You see, it is perfectly reasonable for believers in Jesus Christ who have hope in the resurrection to seek to enjoy full and healthy lives, trusting in God but also taking reasonable pre-cautions to preserve life and health. The OT law would provide for parapets around roofs (“health and safety gone mad” we would call it today) whilst Jesus does warn his hearers to be ready to flee when the destruction of Jerusalem is nigh. Here are some reasons why we take responsible steps to protect our health:

  • God is sovereign over our lives. He will call us home when it is time. Therefore so long as we are here, it is because he has a purpose for us to be here. God uses normal providential means such as our wisdom, health and safety measures and medical treatment to proect and prolong our lives for as long as he has work here for us to do.
  • Life in eternity will be even better.  However, life in Christ here is a good thing to. It isn’t a bad thing to want to enjoy things like seeing the kids and grandkids grow up, go to University, get married, have children. Indeed, there will be the desire to be around to see them put their faith in Christ.
  • Catching COVID does not just bring the risk of death but of serious illness and hospitalisation. I’d personally prefer to die peacefully in my sleep at a ripe old age, or slip away surrounded by loved ones rather than be rushed to hospital and put on a ventilator. I can be ready to die whilst wanting to avoid aspects of pain and distress. And that does not mean that I am unwilling to face suffering if that is what God calls me to.

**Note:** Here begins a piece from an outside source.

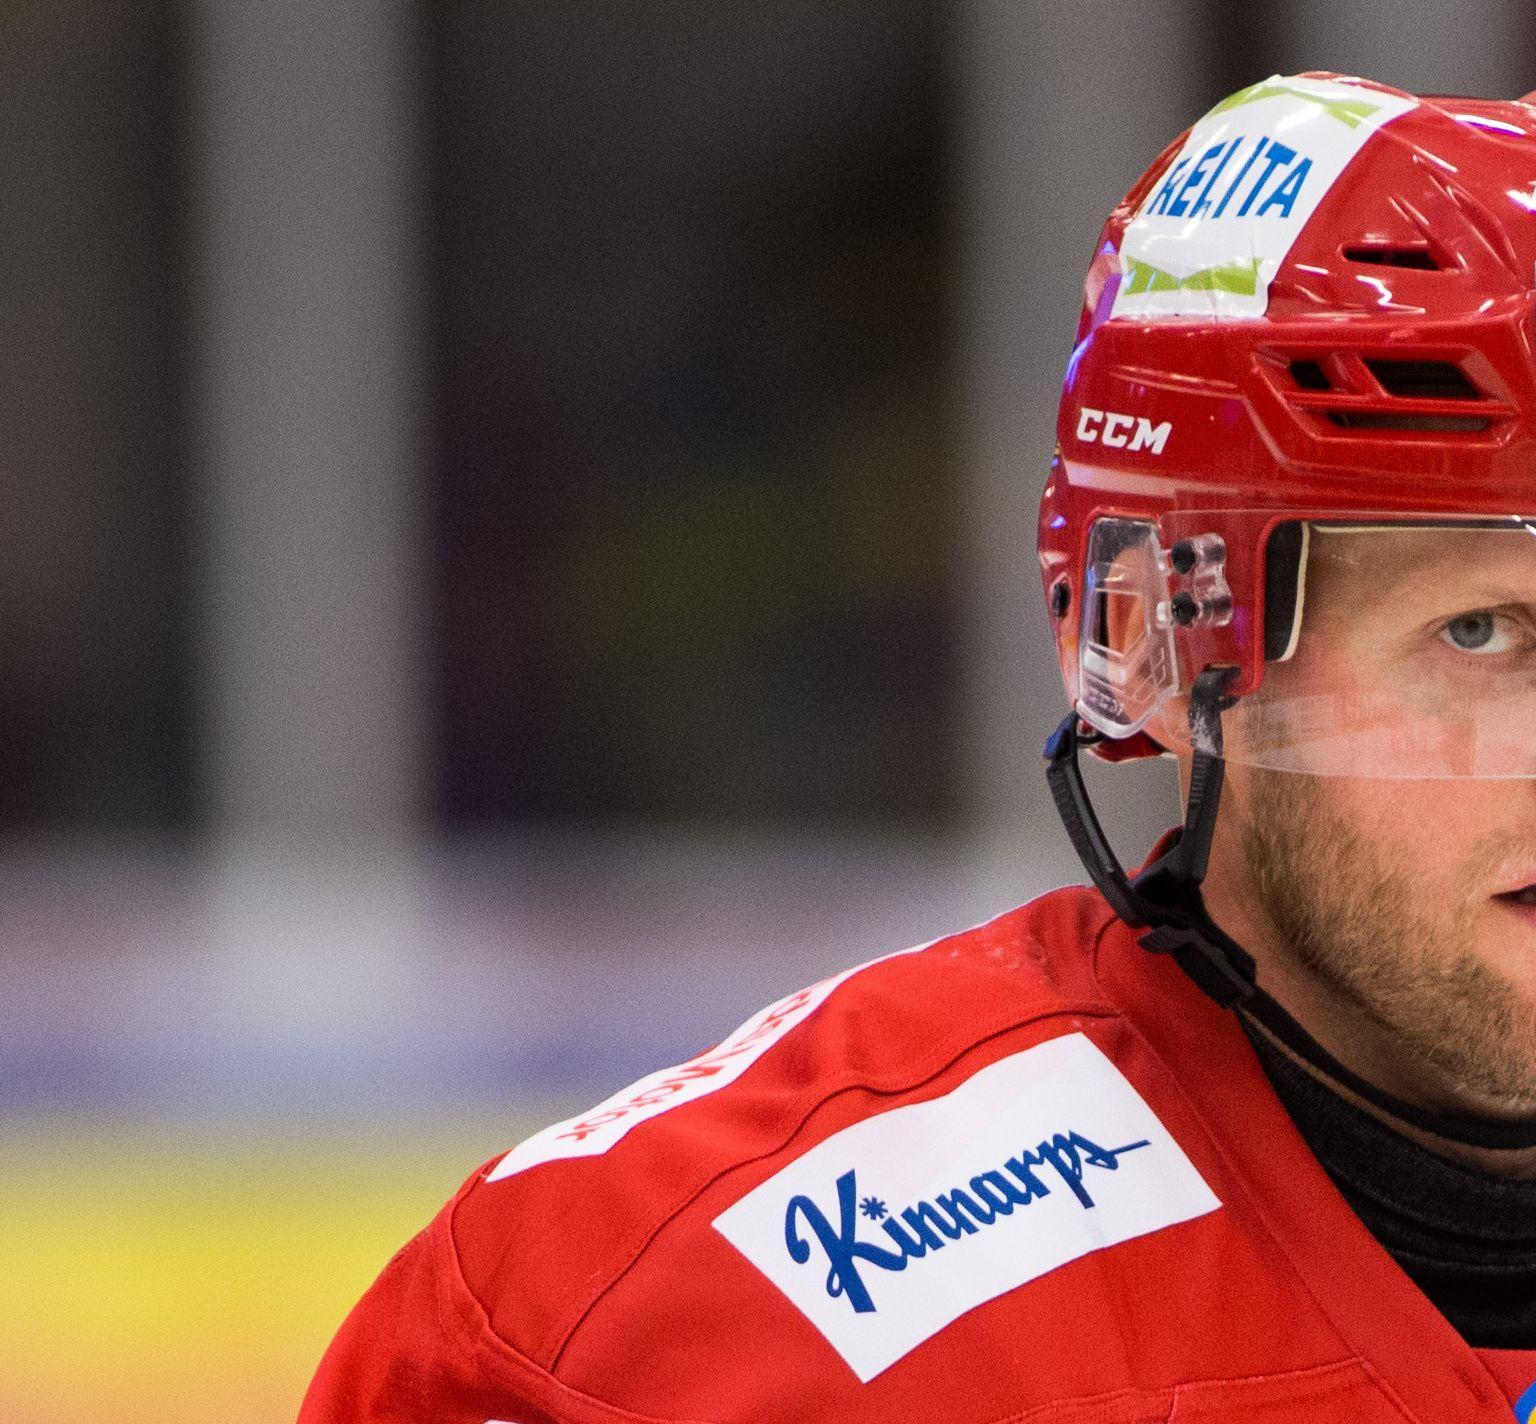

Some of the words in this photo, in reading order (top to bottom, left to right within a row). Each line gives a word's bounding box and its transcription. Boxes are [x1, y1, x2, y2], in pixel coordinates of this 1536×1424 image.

[1147, 135, 1313, 219] RELITA
[1076, 407, 1172, 455] CCM
[784, 1128, 1152, 1313] Kinnarps

Furthermore, most people who have worn face masks, stayed home, observed social distancing, received the vaccine and who would willingly comply with future measures do so because of concern for others too.  Here are some further reasons to consider:

  • I don’t want to put additional pressure onto the health service, to take up  a bed, to increase the burden on already overworked doctors, nurses and paramedics.
  • I don’t want to increase the suffering and distress caused to others either through them having to watch me suffer or through not being able to be there when I go.
  • I don’t want to pass on a potentially fatal illness to someone who may not yet know Christ and so is not ready either to face intense suffering or to meet their maker.

Spelt out like that it seems so obvious. It may be a little late in the day to speak it out like this now as we are through the worst of the pandemic, however, sadly we are still seeing such comments made and so it still needs to be said. Furthermore, there have been some damaging things said and done towards the unity of the body of Christ during the pandemic and we now need to think about how to address them going forward in order to rebuild relationships.